= HOW TO COMPLETE THIS TASK =
Down to the last line, retype the records below exactly and skip the pictures.

================================

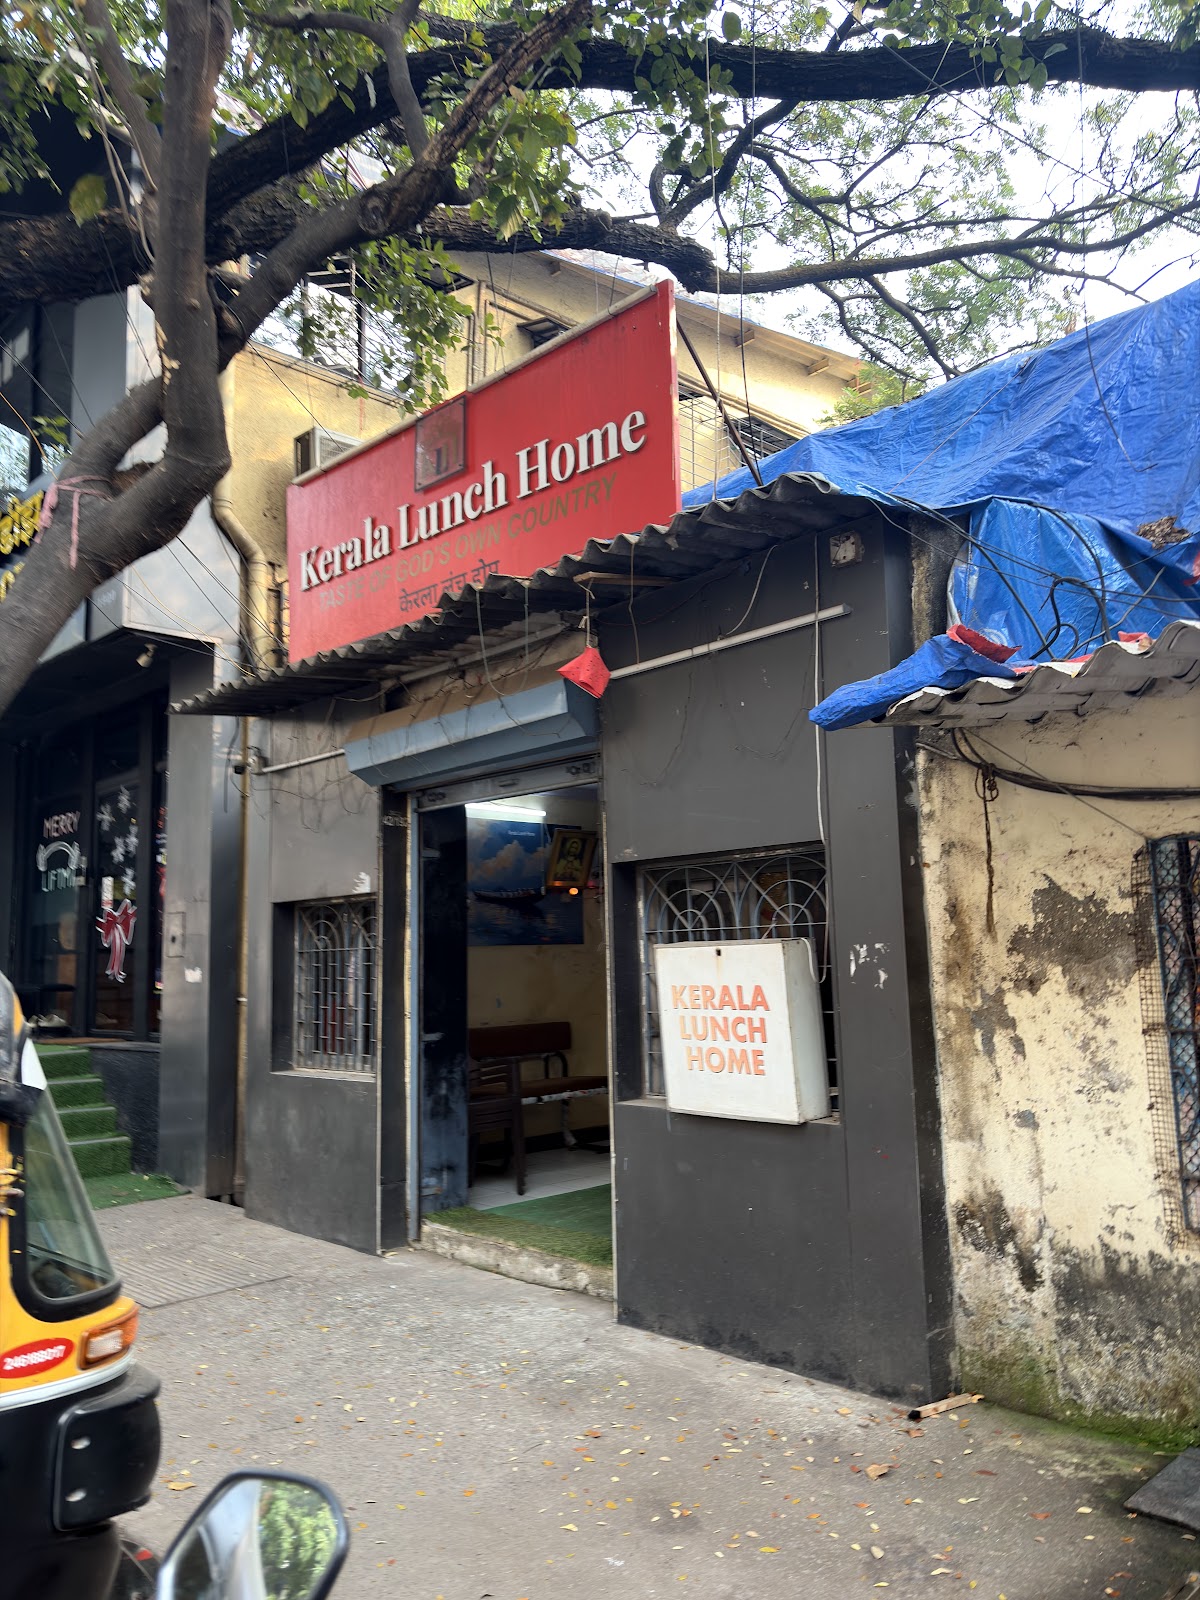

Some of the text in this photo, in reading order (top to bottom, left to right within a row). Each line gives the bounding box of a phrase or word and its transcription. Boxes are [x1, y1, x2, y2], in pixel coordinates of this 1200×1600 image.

[299, 409, 647, 593] Kerala Lunch Home
[319, 472, 618, 613] TASTE OF GOD'S OWN COUNTRY
[43, 811, 81, 838] MERRY
[671, 984, 770, 1011] KERALA
[679, 1015, 768, 1043] LUNCH
[686, 1045, 766, 1076] HOME
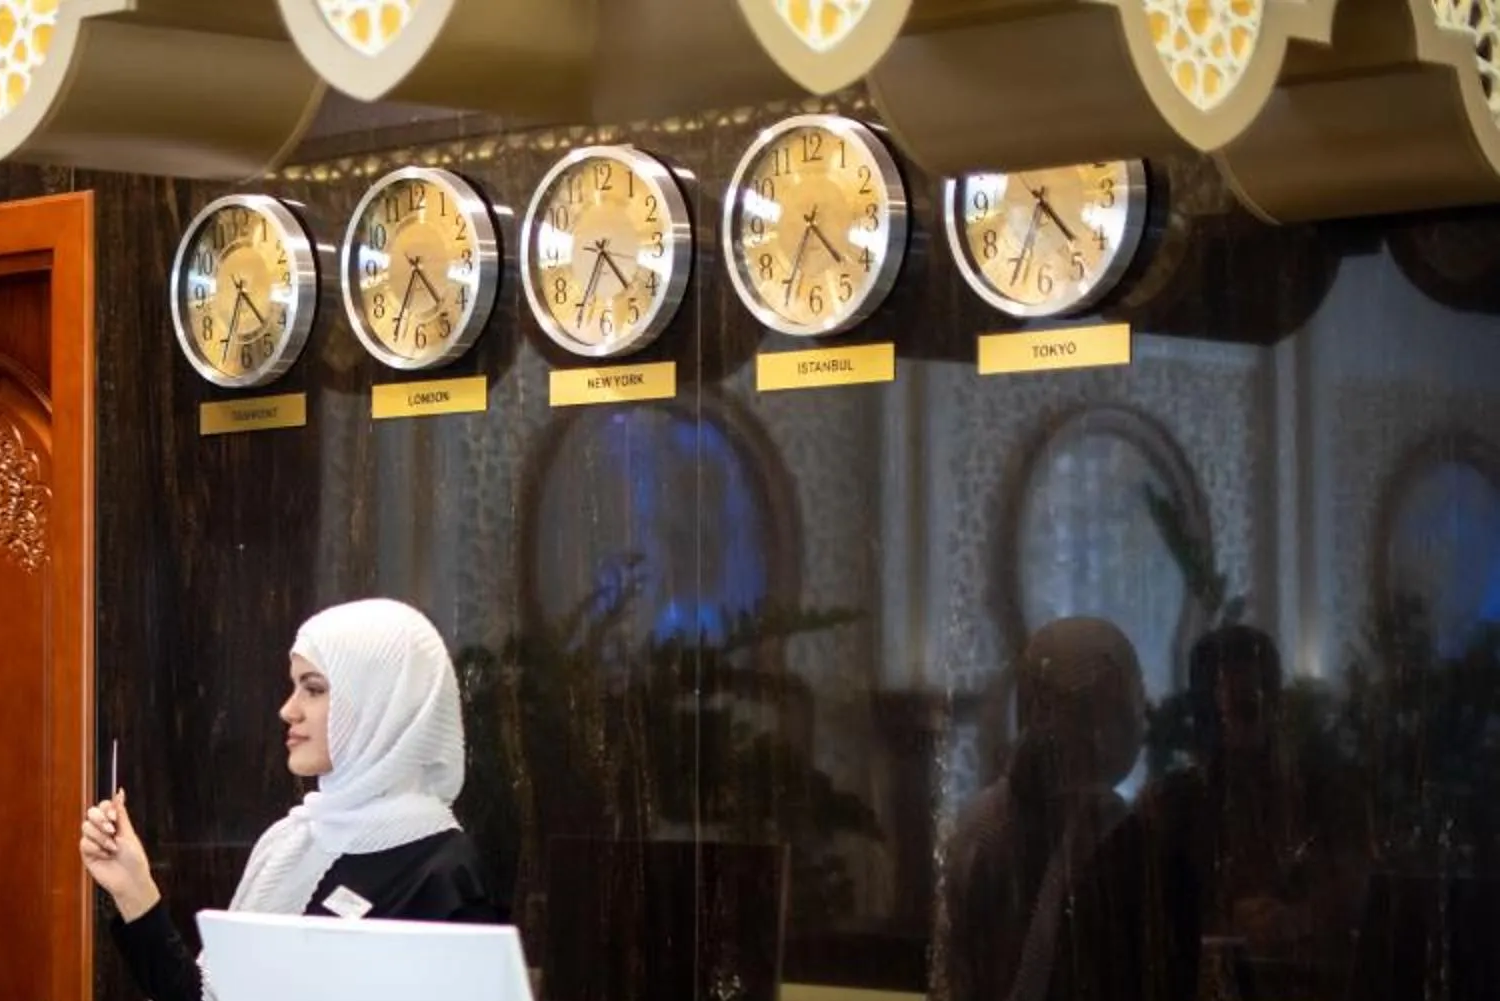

================================

= EXERCISE ANSWER =
Some of the text in this photo, in reading order (top to bottom, left to right within a row). Each line gives the bounding box of a phrase or word and its transcription. Boxes are [x1, y1, x2, y2], in pixel coordinates of this 1200×1600 image.

[299, 409, 647, 593] Kerala Lunch Home
[319, 472, 618, 613] TASTE OF GOD'S OWN COUNTRY
[43, 811, 81, 838] MERRY
[671, 984, 770, 1011] KERALA
[679, 1015, 768, 1043] LUNCH
[686, 1045, 766, 1076] HOME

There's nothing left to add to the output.